Unambiguous Diagnosis of Photoinduced Charge Carrier Signatures in a Stoichiometrically Controlled Semiconducting Polymer‐Wrapped Carbon Nanotube Assembly

Abstract

AbstractSingle‐walled carbon nanotube (SWNT)‐based nanohybrid compositions based on (6,5) chirality‐enriched SWNTs ([(6,5) SWNTs]) and a chiral n‐type polymer (S‐PBN(b)‐Ph4PDI) that exploits a perylenediimide (PDI)‐containing repeat unit are reported; S‐PBN(b)‐Ph4PDI‐[(6,5) SWNT] superstructures feature a PDI electron acceptor unit positioned at 3 nm intervals along the nanotube surface, thus controlling rigorously SWNT–electron acceptor stoichiometry and organization. Potentiometric studies and redox‐titration experiments determine driving forces for photoinduced charge separation (CS) and thermal charge recombination (CR) reactions, as well as spectroscopic signatures of SWNT hole polaron and PDI radical anion (PDI−.) states. Time‐resolved pump–probe spectroscopic studies demonstrate that S‐PBN(b)‐Ph4PDI‐[(6,5) SWNT] electronic excitation generates PDI−. via a photoinduced CS reaction (τCS≈0.4 ps, ΦCS≈0.97). These experiments highlight the concomitant rise and decay of transient absorption spectroscopic signatures characteristic of the SWNT hole polaron and PDI−. states.
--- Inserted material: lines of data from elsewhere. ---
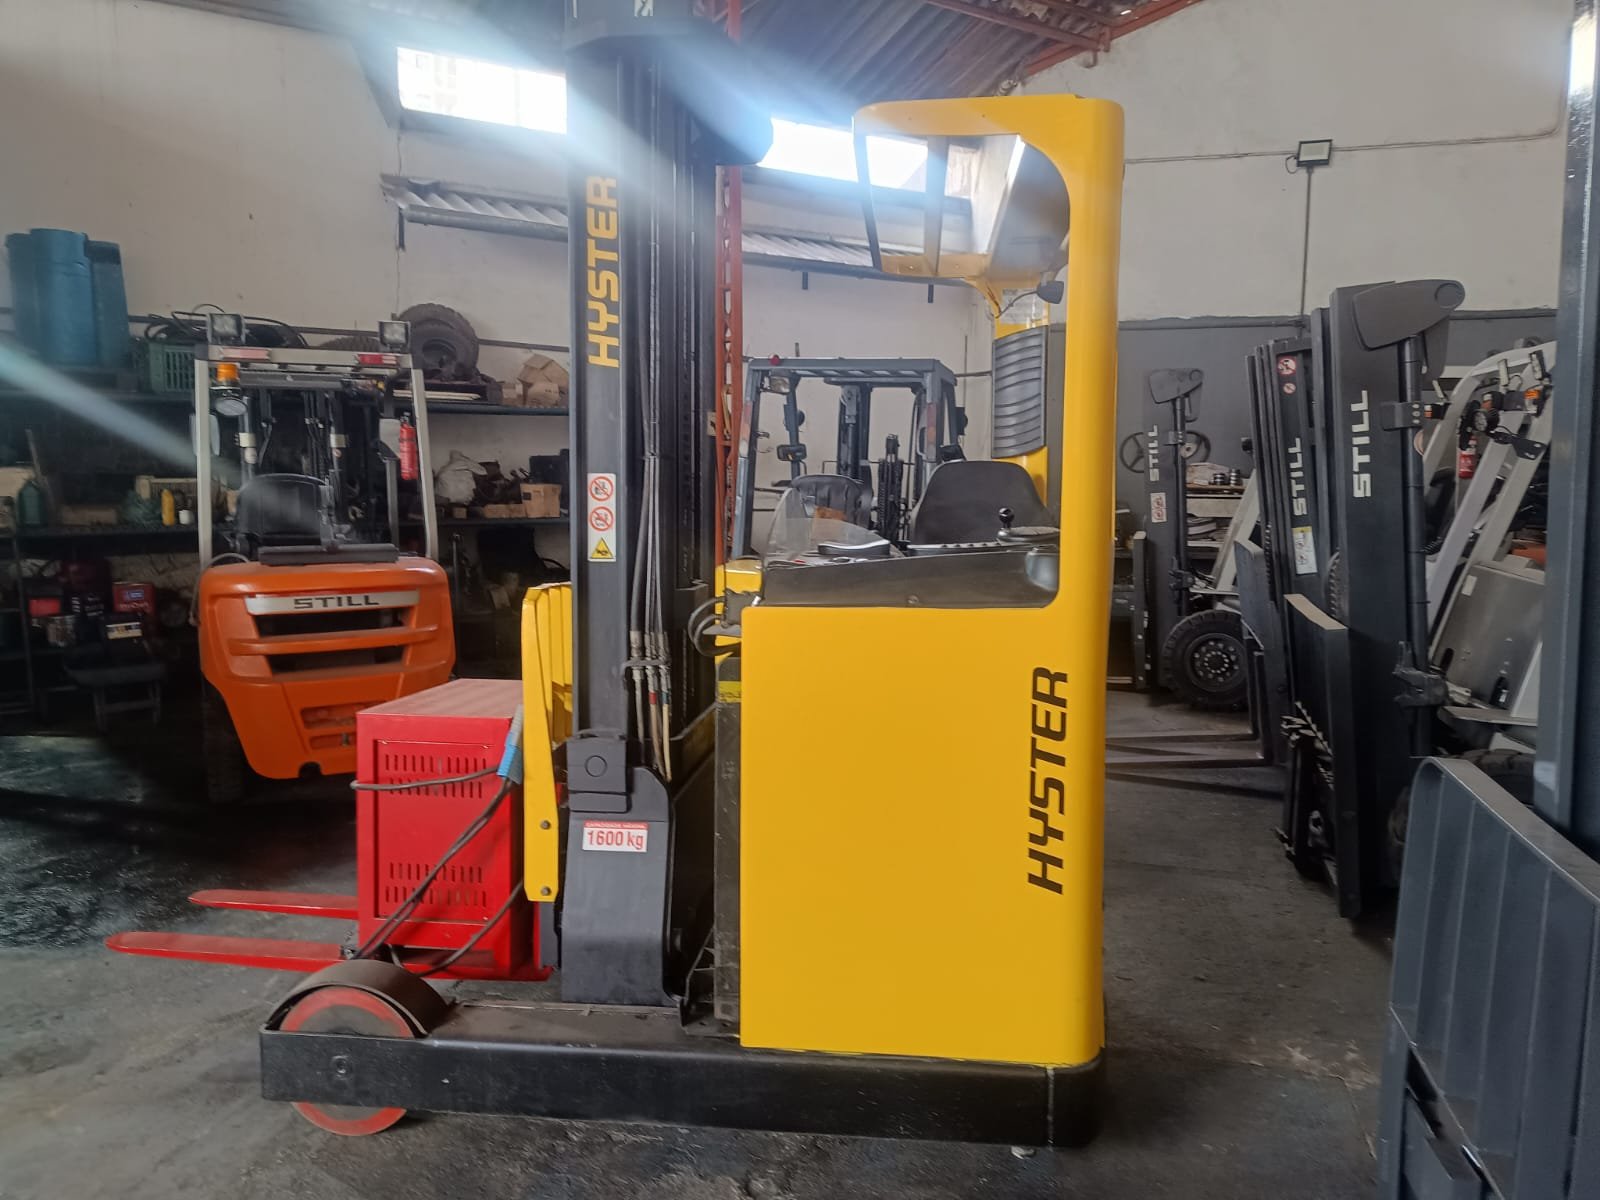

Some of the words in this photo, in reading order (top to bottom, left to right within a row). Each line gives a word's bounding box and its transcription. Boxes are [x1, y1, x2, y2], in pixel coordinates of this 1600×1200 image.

[586, 175, 620, 368] HYSTER
[1147, 424, 1160, 481] STILL
[1287, 437, 1307, 516] STILL
[1351, 389, 1371, 498] STILL
[293, 595, 380, 609] STILL
[1027, 666, 1068, 895] HYSTER
[587, 831, 624, 846] 1600
[627, 831, 644, 850] kg
Multiwavelength global analysis of these data provide two charge‐recombination time constants (τCR≈31.8 and 250 ps) that likely reflect CR dynamics involving both an intimately associated SWNT hole polaron and PDI−. charge‐separated state, and a related charge‐separated state involving PDI−. and a hole polaron site produced via hole migration along the SWNT backbone that occurs over this timescale.